Saved entries ::
::::

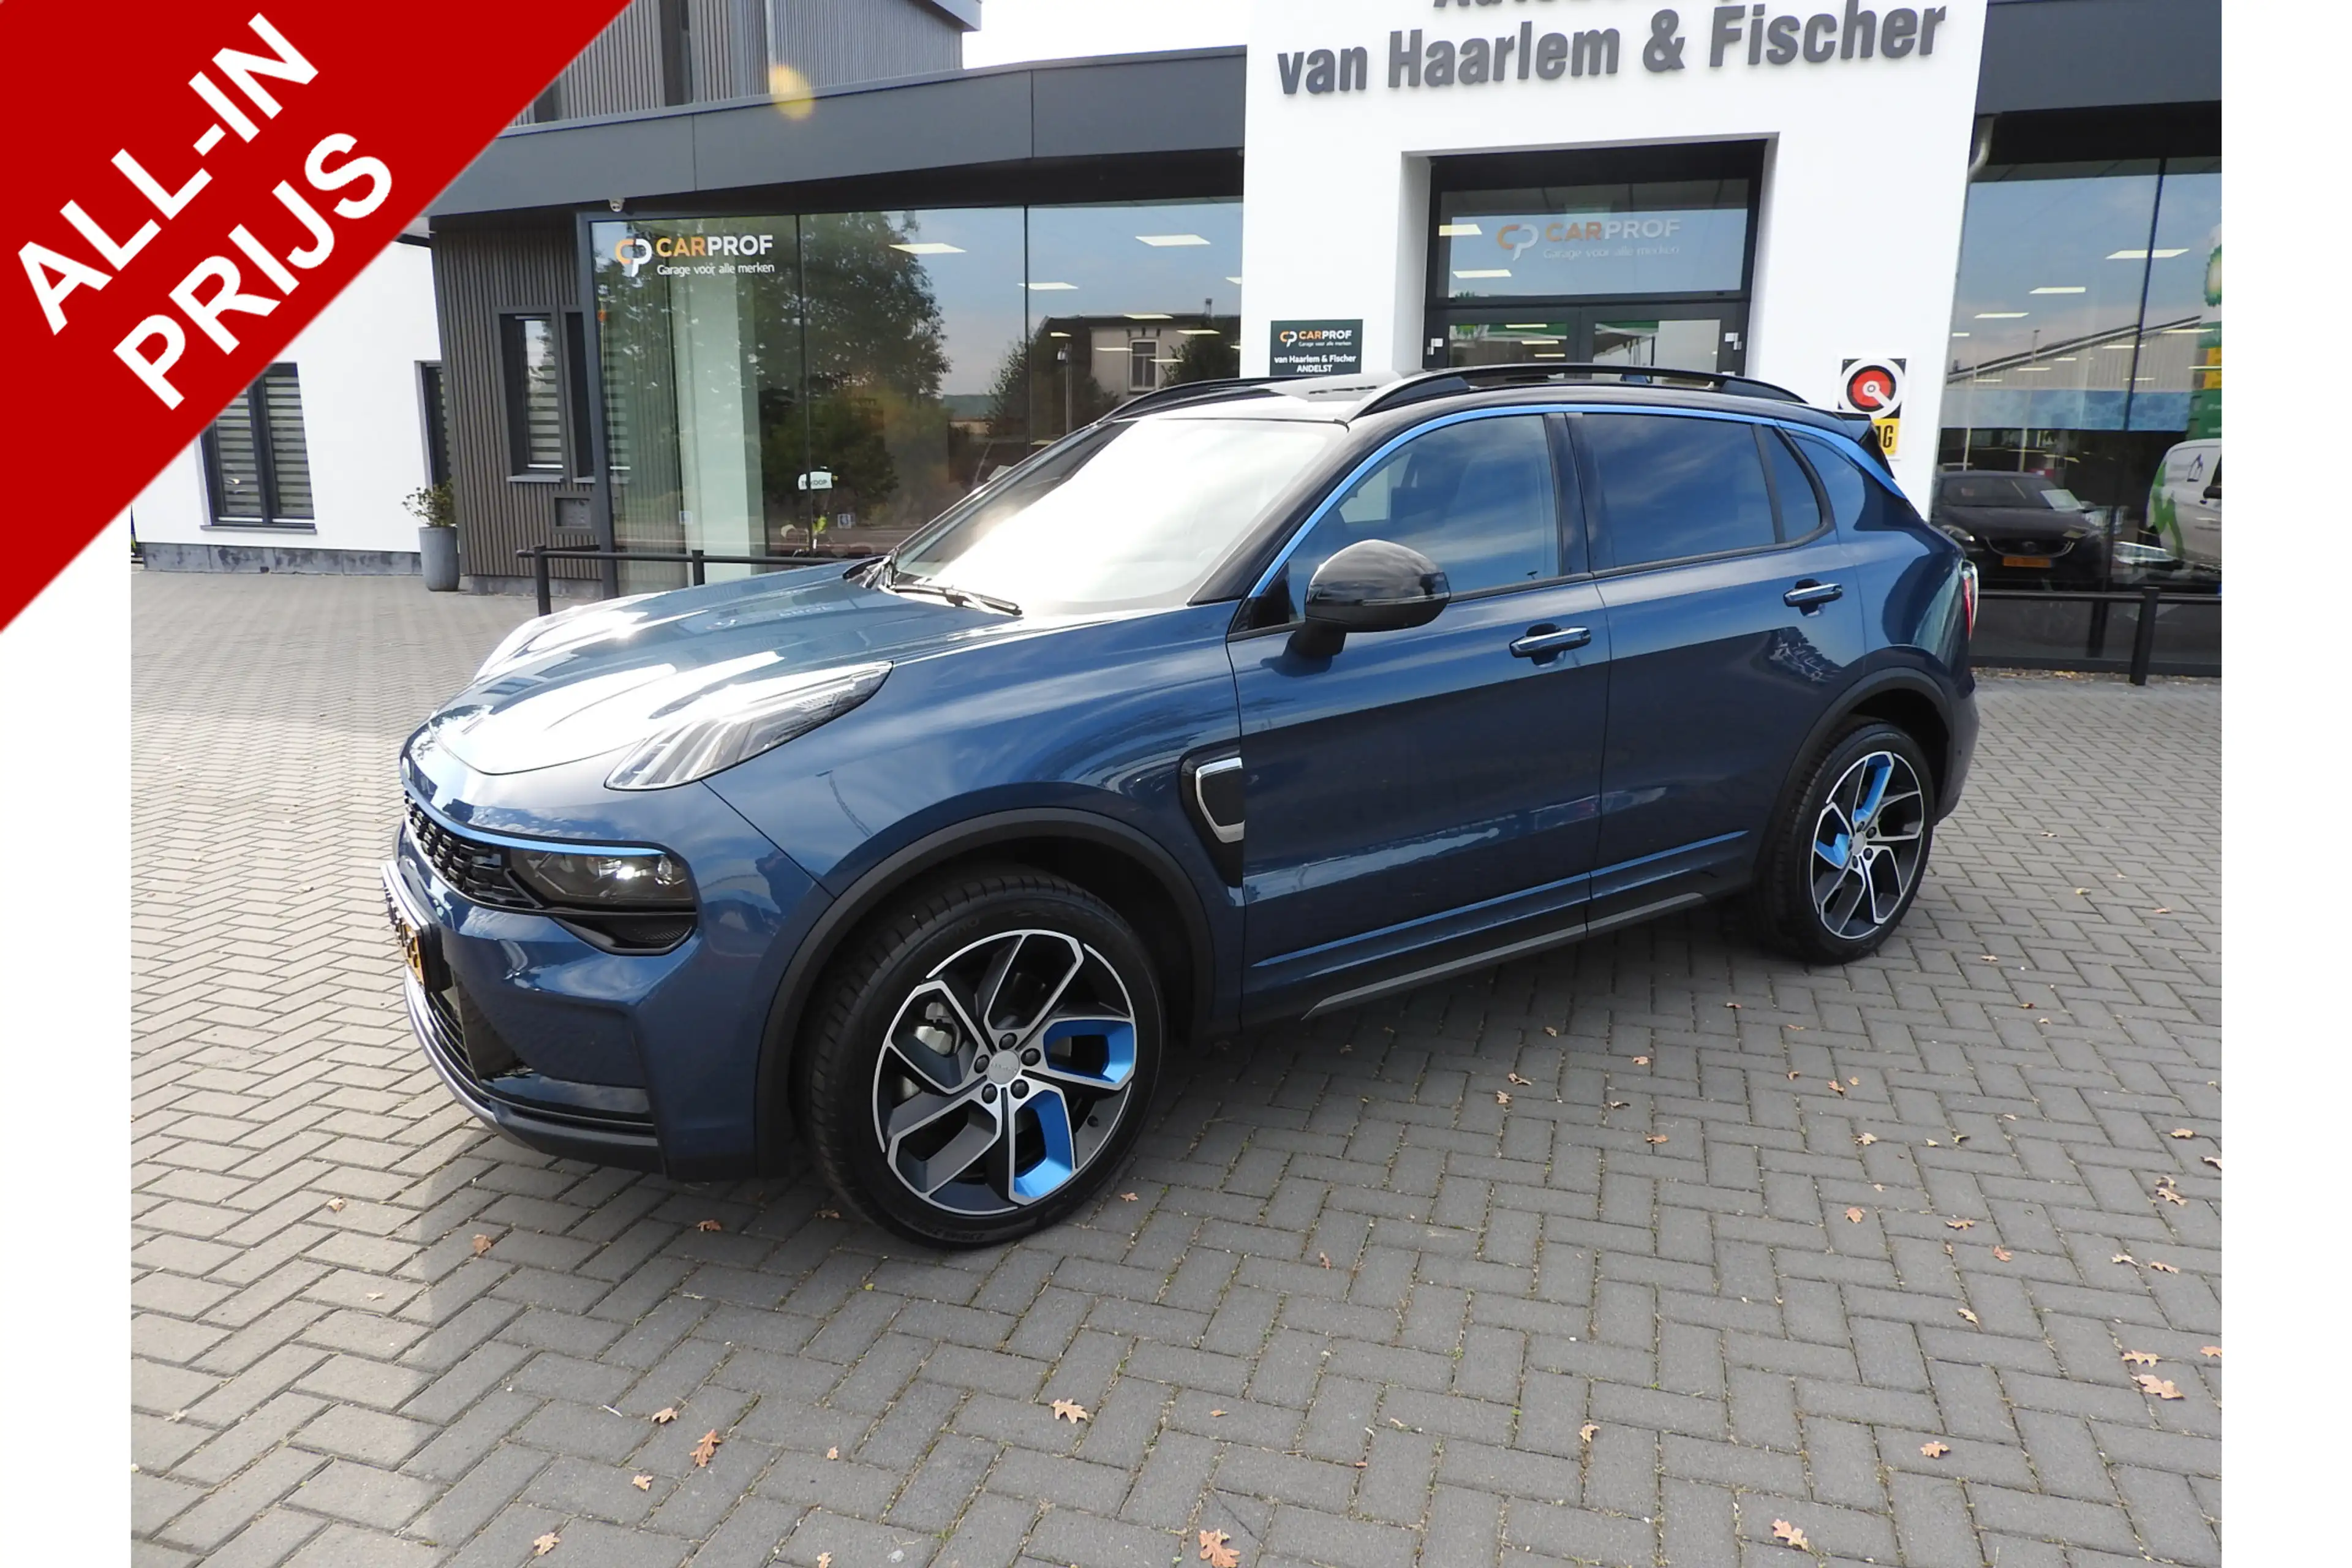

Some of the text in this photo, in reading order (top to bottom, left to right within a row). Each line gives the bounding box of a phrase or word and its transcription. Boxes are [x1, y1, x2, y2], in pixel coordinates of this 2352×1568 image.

[1277, 0, 1947, 94] van Haarlem & Fischer
[1545, 219, 1681, 242] CARPROF
[655, 235, 773, 257] CARPROF
[1543, 248, 1581, 260] Garage
[1586, 249, 1609, 258] voor
[1614, 246, 1634, 256] alle
[657, 264, 690, 277] Garage
[718, 263, 734, 274] alle
[738, 263, 774, 274] merken
[1298, 330, 1352, 340] CARPROF
[1289, 355, 1320, 363] Haarlem
[1329, 353, 1357, 363] Fischer
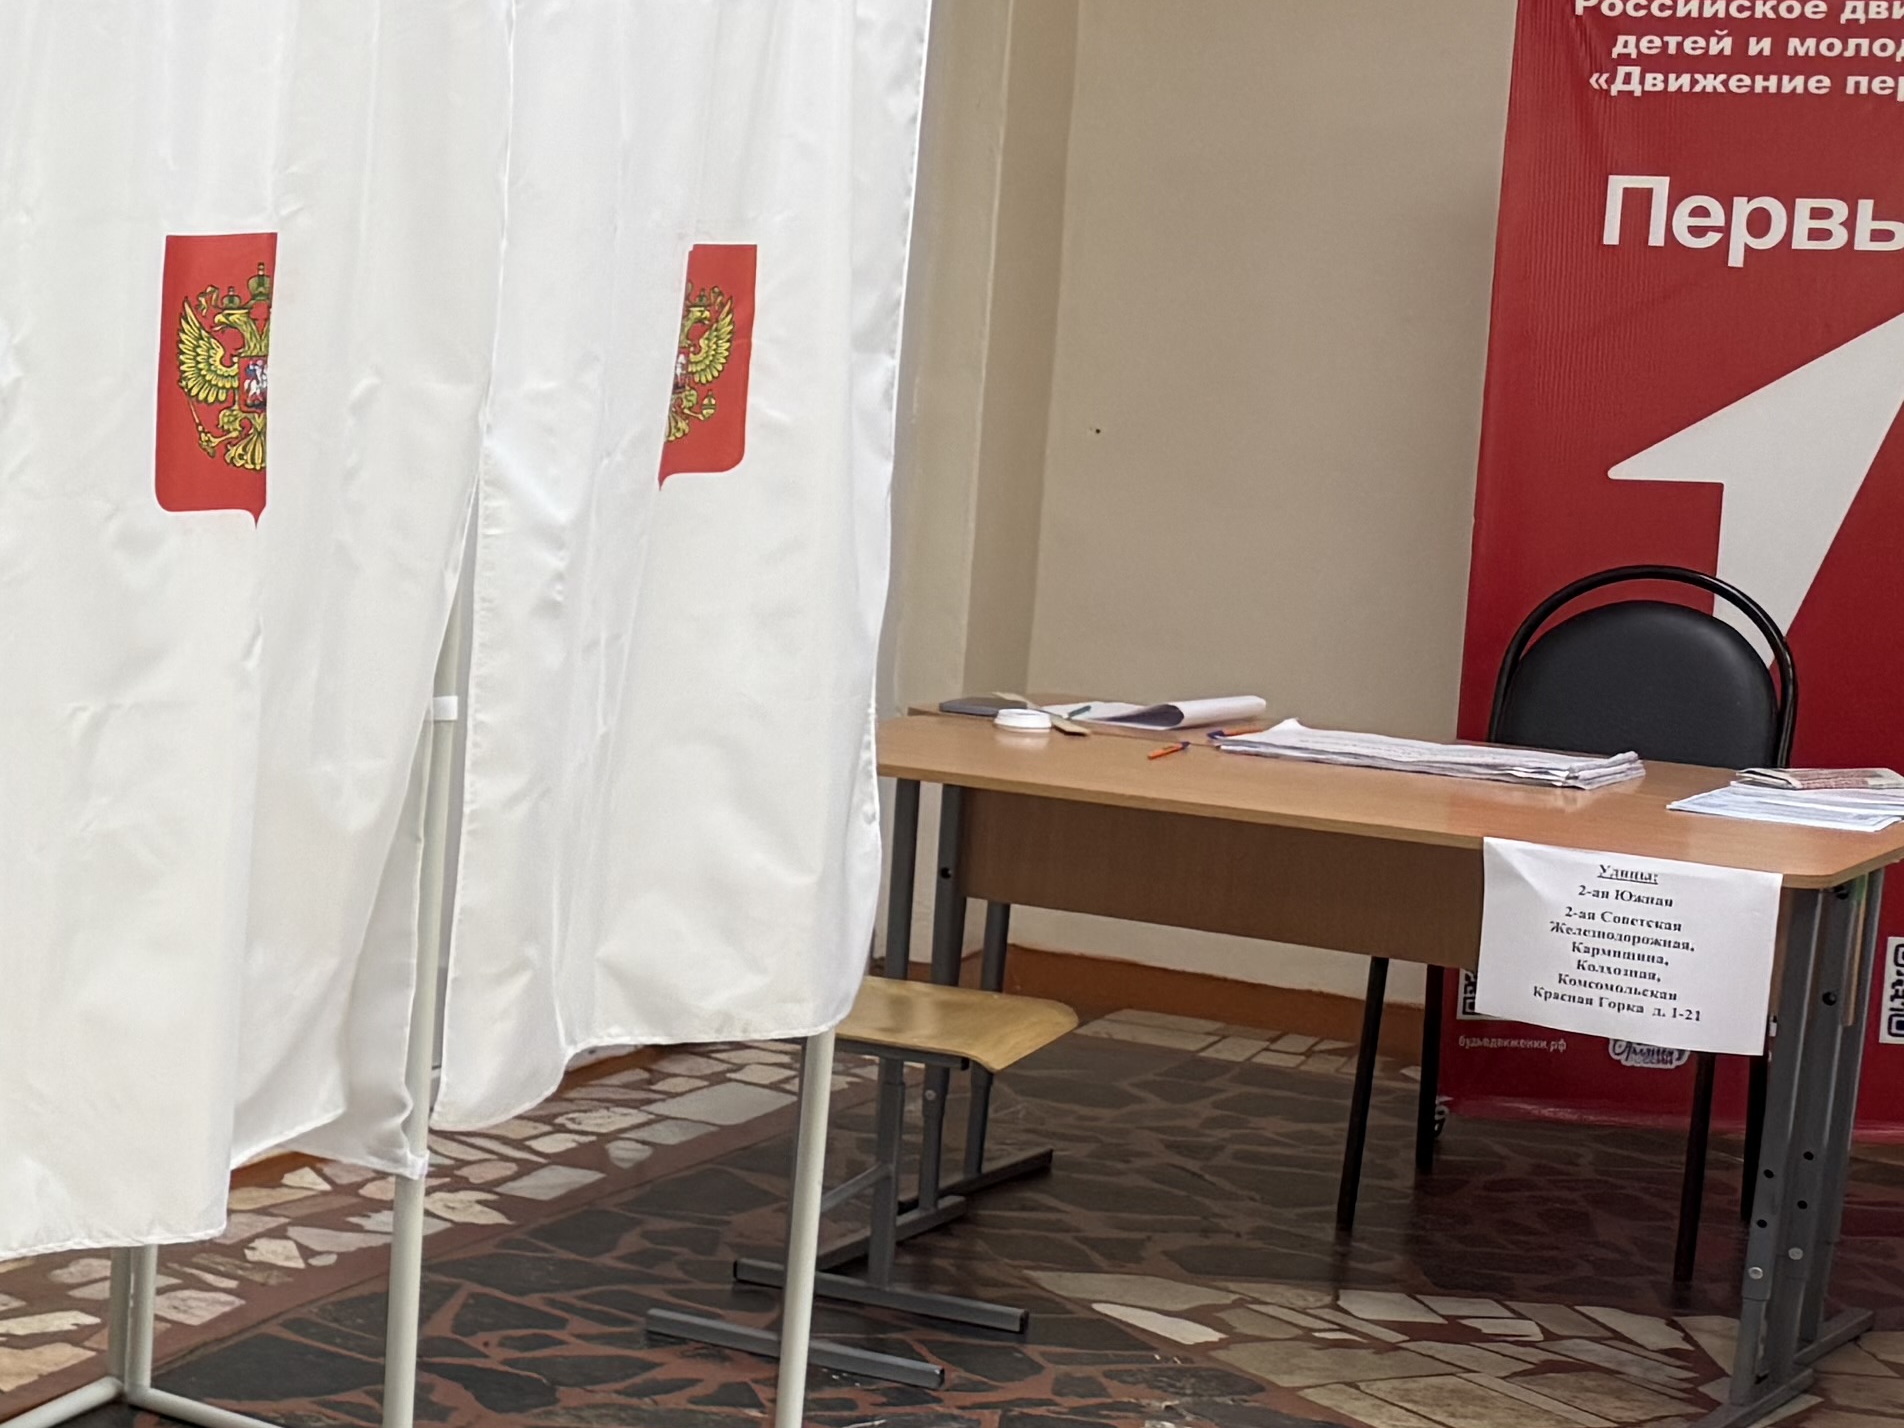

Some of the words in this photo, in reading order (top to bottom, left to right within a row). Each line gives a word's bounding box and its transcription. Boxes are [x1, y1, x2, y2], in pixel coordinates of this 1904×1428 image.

[1612, 29, 1732, 59] детей
[1748, 37, 1771, 56] и
[1589, 65, 1831, 96] «Движение
[1614, 889, 1674, 907] Южная
[1600, 911, 1682, 932] Советская
[1533, 986, 1593, 1006] Красная
[1598, 997, 1645, 1014] Горка
[1557, 973, 1677, 1001] Комсомольская
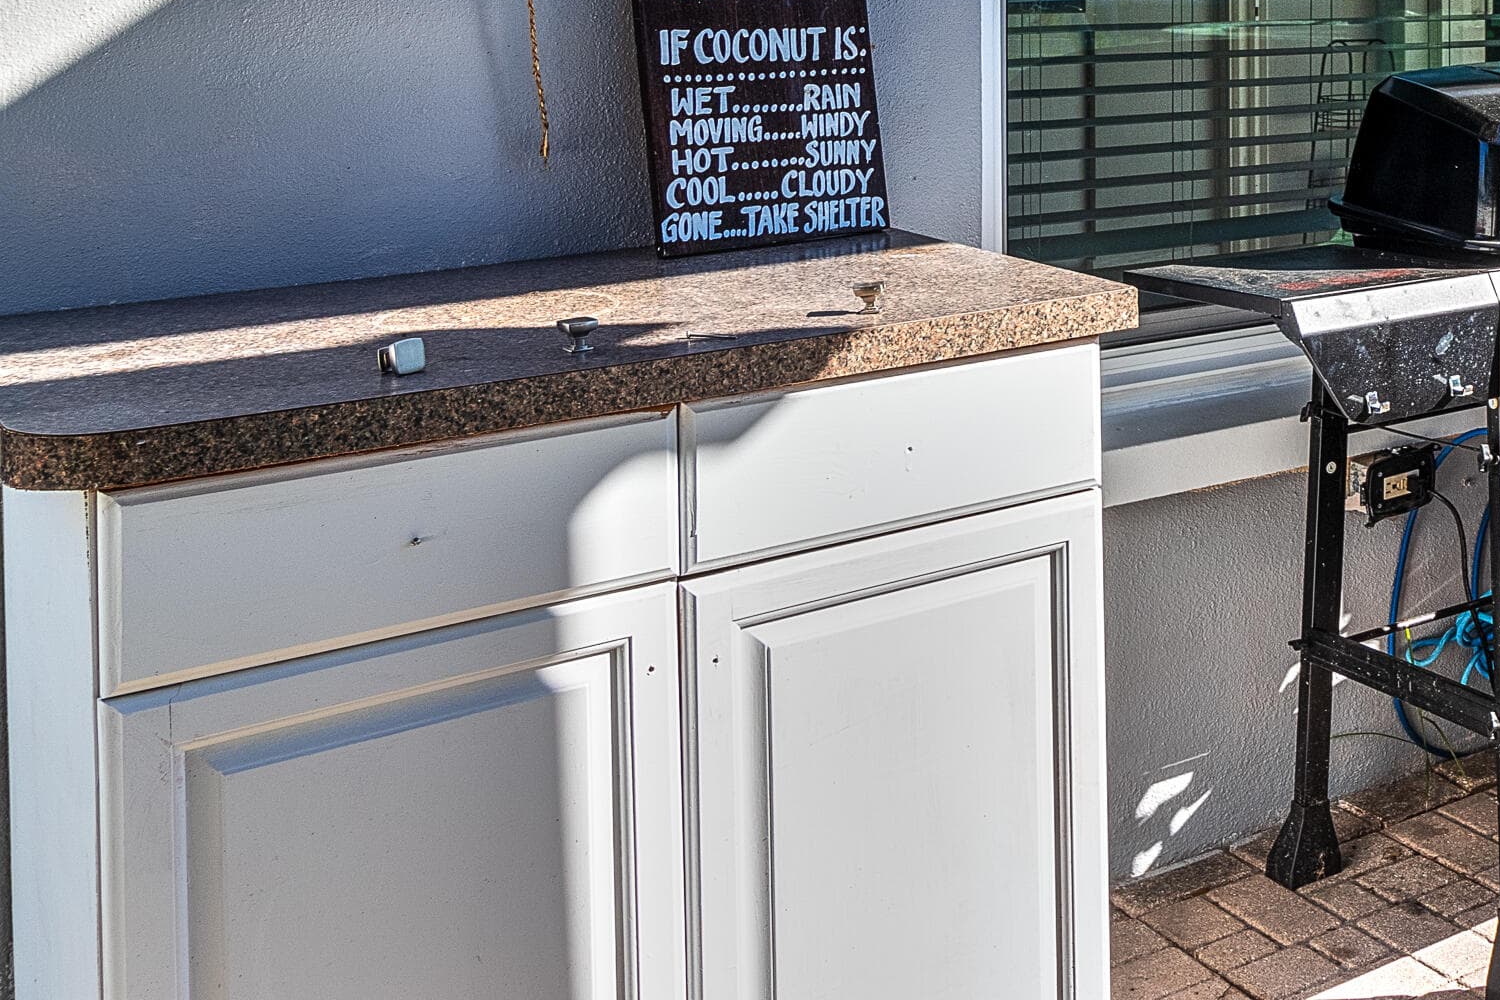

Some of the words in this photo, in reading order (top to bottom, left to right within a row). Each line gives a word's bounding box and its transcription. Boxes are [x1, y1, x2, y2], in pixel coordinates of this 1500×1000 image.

[659, 29, 690, 65] IF
[693, 27, 826, 64] COCONUT
[803, 82, 861, 111] RAIN
[801, 110, 871, 139] WINDY
[805, 139, 876, 168] SUNNY
[781, 168, 874, 198] CLOUDY
[740, 203, 799, 237] TAKE
[803, 196, 886, 233] SHELTER

::::

Directions :: Please print exactly the lines of the entries above, beginning with the line that contains "this 1500×1000 image." and ending with the last line.

Task solution ::
Some of the words in this photo, in reading order (top to bottom, left to right within a row). Each line gives a word's bounding box and its transcription. Boxes are [x1, y1, x2, y2], in pixel coordinates of this 1500×1000 image.

[659, 29, 690, 65] IF
[693, 27, 826, 64] COCONUT
[803, 82, 861, 111] RAIN
[801, 110, 871, 139] WINDY
[805, 139, 876, 168] SUNNY
[781, 168, 874, 198] CLOUDY
[740, 203, 799, 237] TAKE
[803, 196, 886, 233] SHELTER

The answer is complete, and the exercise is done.